▶ [Work instruction]: Each entry, as given, must be output unchanged.

[Excerpts from a dataset]
───
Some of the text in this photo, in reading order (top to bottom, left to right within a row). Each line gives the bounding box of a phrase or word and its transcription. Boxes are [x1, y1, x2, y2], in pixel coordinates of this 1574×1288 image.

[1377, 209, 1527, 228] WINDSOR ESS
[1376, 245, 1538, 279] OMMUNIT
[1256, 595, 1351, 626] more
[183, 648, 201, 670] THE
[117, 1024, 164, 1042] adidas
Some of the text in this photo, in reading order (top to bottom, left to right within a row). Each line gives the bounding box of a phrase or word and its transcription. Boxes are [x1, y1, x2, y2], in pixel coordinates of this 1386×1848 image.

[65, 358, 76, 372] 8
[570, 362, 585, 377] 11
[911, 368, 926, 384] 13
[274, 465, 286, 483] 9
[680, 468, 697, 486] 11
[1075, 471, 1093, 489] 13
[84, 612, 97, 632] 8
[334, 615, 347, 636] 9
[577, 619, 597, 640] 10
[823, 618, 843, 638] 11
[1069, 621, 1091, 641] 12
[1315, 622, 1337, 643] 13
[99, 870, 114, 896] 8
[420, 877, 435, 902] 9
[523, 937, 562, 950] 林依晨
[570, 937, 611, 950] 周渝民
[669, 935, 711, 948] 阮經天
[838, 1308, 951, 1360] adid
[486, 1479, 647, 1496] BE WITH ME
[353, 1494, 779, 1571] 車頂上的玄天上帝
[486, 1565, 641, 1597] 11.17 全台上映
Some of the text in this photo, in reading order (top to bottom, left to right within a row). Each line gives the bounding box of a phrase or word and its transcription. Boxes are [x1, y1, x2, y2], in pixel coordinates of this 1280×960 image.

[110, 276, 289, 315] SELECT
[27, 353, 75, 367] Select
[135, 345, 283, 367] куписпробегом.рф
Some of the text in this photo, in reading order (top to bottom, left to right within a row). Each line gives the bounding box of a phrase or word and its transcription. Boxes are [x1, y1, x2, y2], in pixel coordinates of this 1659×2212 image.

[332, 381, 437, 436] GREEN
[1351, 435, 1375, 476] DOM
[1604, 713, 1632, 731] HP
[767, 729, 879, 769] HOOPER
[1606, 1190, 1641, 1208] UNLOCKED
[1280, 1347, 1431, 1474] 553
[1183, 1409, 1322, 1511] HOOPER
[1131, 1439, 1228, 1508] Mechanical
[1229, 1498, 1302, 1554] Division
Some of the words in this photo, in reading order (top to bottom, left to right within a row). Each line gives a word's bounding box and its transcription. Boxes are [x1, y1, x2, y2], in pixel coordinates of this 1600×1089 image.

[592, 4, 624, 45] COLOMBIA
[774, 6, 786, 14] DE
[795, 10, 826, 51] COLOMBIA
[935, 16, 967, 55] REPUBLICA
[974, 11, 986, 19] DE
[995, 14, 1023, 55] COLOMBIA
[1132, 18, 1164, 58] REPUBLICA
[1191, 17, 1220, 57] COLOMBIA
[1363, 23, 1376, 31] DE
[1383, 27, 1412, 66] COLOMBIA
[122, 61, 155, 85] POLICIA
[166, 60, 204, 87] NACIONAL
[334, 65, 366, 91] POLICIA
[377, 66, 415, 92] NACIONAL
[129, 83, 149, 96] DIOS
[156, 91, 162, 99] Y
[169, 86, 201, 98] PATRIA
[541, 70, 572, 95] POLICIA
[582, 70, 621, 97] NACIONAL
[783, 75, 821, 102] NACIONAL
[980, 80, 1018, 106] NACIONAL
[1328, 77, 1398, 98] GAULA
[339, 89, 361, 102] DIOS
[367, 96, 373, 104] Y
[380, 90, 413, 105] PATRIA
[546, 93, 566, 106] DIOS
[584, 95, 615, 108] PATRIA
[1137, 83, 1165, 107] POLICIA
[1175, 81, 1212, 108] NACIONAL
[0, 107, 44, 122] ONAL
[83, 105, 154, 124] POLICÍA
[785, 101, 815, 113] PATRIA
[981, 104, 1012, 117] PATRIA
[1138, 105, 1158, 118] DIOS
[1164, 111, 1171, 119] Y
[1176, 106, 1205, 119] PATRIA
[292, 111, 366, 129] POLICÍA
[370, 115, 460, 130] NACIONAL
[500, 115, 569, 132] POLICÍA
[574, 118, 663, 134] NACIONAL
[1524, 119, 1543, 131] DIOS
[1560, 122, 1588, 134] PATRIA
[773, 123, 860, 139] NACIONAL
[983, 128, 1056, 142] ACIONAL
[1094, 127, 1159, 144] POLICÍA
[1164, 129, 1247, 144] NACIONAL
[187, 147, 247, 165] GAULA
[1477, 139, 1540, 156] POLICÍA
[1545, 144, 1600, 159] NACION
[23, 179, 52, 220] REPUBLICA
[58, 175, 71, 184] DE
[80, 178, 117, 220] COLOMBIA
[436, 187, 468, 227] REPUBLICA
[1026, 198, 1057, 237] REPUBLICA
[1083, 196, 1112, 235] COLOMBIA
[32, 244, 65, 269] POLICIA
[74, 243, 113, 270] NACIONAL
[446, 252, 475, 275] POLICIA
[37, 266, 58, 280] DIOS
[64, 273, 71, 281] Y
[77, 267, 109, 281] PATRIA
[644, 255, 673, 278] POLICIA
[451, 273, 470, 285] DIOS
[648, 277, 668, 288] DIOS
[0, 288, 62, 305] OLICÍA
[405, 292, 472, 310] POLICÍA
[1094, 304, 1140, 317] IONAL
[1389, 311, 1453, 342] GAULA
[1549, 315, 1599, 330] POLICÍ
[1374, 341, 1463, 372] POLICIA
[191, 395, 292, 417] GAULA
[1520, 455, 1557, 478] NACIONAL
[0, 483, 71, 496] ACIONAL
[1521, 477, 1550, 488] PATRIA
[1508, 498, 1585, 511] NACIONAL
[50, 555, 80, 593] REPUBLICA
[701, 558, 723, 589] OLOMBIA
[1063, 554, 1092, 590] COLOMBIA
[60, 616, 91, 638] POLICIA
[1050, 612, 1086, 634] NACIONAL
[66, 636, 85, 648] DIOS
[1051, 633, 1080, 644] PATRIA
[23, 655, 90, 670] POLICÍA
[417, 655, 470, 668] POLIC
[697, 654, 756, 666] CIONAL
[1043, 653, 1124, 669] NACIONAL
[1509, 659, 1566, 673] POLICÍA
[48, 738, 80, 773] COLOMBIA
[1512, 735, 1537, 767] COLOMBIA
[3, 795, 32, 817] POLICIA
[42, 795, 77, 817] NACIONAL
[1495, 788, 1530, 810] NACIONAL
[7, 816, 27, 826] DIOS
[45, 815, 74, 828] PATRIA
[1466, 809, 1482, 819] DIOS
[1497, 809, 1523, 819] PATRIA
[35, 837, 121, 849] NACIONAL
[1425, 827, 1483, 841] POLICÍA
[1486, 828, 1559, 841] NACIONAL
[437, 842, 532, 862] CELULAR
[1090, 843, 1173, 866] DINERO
───
▶ [Answer]:
Some of the text in this photo, in reading order (top to bottom, left to right within a row). Each line gives the bounding box of a phrase or word and its transcription. Boxes are [x1, y1, x2, y2], in pixel coordinates of this 1574×1288 image.

[1377, 209, 1527, 228] WINDSOR ESS
[1376, 245, 1538, 279] OMMUNIT
[1256, 595, 1351, 626] more
[183, 648, 201, 670] THE
[117, 1024, 164, 1042] adidas
Some of the text in this photo, in reading order (top to bottom, left to right within a row). Each line gives the bounding box of a phrase or word and its transcription. Boxes are [x1, y1, x2, y2], in pixel coordinates of this 1386×1848 image.

[65, 358, 76, 372] 8
[570, 362, 585, 377] 11
[911, 368, 926, 384] 13
[274, 465, 286, 483] 9
[680, 468, 697, 486] 11
[1075, 471, 1093, 489] 13
[84, 612, 97, 632] 8
[334, 615, 347, 636] 9
[577, 619, 597, 640] 10
[823, 618, 843, 638] 11
[1069, 621, 1091, 641] 12
[1315, 622, 1337, 643] 13
[99, 870, 114, 896] 8
[420, 877, 435, 902] 9
[523, 937, 562, 950] 林依晨
[570, 937, 611, 950] 周渝民
[669, 935, 711, 948] 阮經天
[838, 1308, 951, 1360] adid
[486, 1479, 647, 1496] BE WITH ME
[353, 1494, 779, 1571] 車頂上的玄天上帝
[486, 1565, 641, 1597] 11.17 全台上映
Some of the text in this photo, in reading order (top to bottom, left to right within a row). Each line gives the bounding box of a phrase or word and its transcription. Boxes are [x1, y1, x2, y2], in pixel coordinates of this 1280×960 image.

[110, 276, 289, 315] SELECT
[27, 353, 75, 367] Select
[135, 345, 283, 367] куписпробегом.рф
Some of the text in this photo, in reading order (top to bottom, left to right within a row). Each line gives the bounding box of a phrase or word and its transcription. Boxes are [x1, y1, x2, y2], in pixel coordinates of this 1659×2212 image.

[332, 381, 437, 436] GREEN
[1351, 435, 1375, 476] DOM
[1604, 713, 1632, 731] HP
[767, 729, 879, 769] HOOPER
[1606, 1190, 1641, 1208] UNLOCKED
[1280, 1347, 1431, 1474] 553
[1183, 1409, 1322, 1511] HOOPER
[1131, 1439, 1228, 1508] Mechanical
[1229, 1498, 1302, 1554] Division
Some of the words in this photo, in reading order (top to bottom, left to right within a row). Each line gives a word's bounding box and its transcription. Boxes are [x1, y1, x2, y2], in pixel coordinates of this 1600×1089 image.

[592, 4, 624, 45] COLOMBIA
[774, 6, 786, 14] DE
[795, 10, 826, 51] COLOMBIA
[935, 16, 967, 55] REPUBLICA
[974, 11, 986, 19] DE
[995, 14, 1023, 55] COLOMBIA
[1132, 18, 1164, 58] REPUBLICA
[1191, 17, 1220, 57] COLOMBIA
[1363, 23, 1376, 31] DE
[1383, 27, 1412, 66] COLOMBIA
[122, 61, 155, 85] POLICIA
[166, 60, 204, 87] NACIONAL
[334, 65, 366, 91] POLICIA
[377, 66, 415, 92] NACIONAL
[129, 83, 149, 96] DIOS
[156, 91, 162, 99] Y
[169, 86, 201, 98] PATRIA
[541, 70, 572, 95] POLICIA
[582, 70, 621, 97] NACIONAL
[783, 75, 821, 102] NACIONAL
[980, 80, 1018, 106] NACIONAL
[1328, 77, 1398, 98] GAULA
[339, 89, 361, 102] DIOS
[367, 96, 373, 104] Y
[380, 90, 413, 105] PATRIA
[546, 93, 566, 106] DIOS
[584, 95, 615, 108] PATRIA
[1137, 83, 1165, 107] POLICIA
[1175, 81, 1212, 108] NACIONAL
[0, 107, 44, 122] ONAL
[83, 105, 154, 124] POLICÍA
[785, 101, 815, 113] PATRIA
[981, 104, 1012, 117] PATRIA
[1138, 105, 1158, 118] DIOS
[1164, 111, 1171, 119] Y
[1176, 106, 1205, 119] PATRIA
[292, 111, 366, 129] POLICÍA
[370, 115, 460, 130] NACIONAL
[500, 115, 569, 132] POLICÍA
[574, 118, 663, 134] NACIONAL
[1524, 119, 1543, 131] DIOS
[1560, 122, 1588, 134] PATRIA
[773, 123, 860, 139] NACIONAL
[983, 128, 1056, 142] ACIONAL
[1094, 127, 1159, 144] POLICÍA
[1164, 129, 1247, 144] NACIONAL
[187, 147, 247, 165] GAULA
[1477, 139, 1540, 156] POLICÍA
[1545, 144, 1600, 159] NACION
[23, 179, 52, 220] REPUBLICA
[58, 175, 71, 184] DE
[80, 178, 117, 220] COLOMBIA
[436, 187, 468, 227] REPUBLICA
[1026, 198, 1057, 237] REPUBLICA
[1083, 196, 1112, 235] COLOMBIA
[32, 244, 65, 269] POLICIA
[74, 243, 113, 270] NACIONAL
[446, 252, 475, 275] POLICIA
[37, 266, 58, 280] DIOS
[64, 273, 71, 281] Y
[77, 267, 109, 281] PATRIA
[644, 255, 673, 278] POLICIA
[451, 273, 470, 285] DIOS
[648, 277, 668, 288] DIOS
[0, 288, 62, 305] OLICÍA
[405, 292, 472, 310] POLICÍA
[1094, 304, 1140, 317] IONAL
[1389, 311, 1453, 342] GAULA
[1549, 315, 1599, 330] POLICÍ
[1374, 341, 1463, 372] POLICIA
[191, 395, 292, 417] GAULA
[1520, 455, 1557, 478] NACIONAL
[0, 483, 71, 496] ACIONAL
[1521, 477, 1550, 488] PATRIA
[1508, 498, 1585, 511] NACIONAL
[50, 555, 80, 593] REPUBLICA
[701, 558, 723, 589] OLOMBIA
[1063, 554, 1092, 590] COLOMBIA
[60, 616, 91, 638] POLICIA
[1050, 612, 1086, 634] NACIONAL
[66, 636, 85, 648] DIOS
[1051, 633, 1080, 644] PATRIA
[23, 655, 90, 670] POLICÍA
[417, 655, 470, 668] POLIC
[697, 654, 756, 666] CIONAL
[1043, 653, 1124, 669] NACIONAL
[1509, 659, 1566, 673] POLICÍA
[48, 738, 80, 773] COLOMBIA
[1512, 735, 1537, 767] COLOMBIA
[3, 795, 32, 817] POLICIA
[42, 795, 77, 817] NACIONAL
[1495, 788, 1530, 810] NACIONAL
[7, 816, 27, 826] DIOS
[45, 815, 74, 828] PATRIA
[1466, 809, 1482, 819] DIOS
[1497, 809, 1523, 819] PATRIA
[35, 837, 121, 849] NACIONAL
[1425, 827, 1483, 841] POLICÍA
[1486, 828, 1559, 841] NACIONAL
[437, 842, 532, 862] CELULAR
[1090, 843, 1173, 866] DINERO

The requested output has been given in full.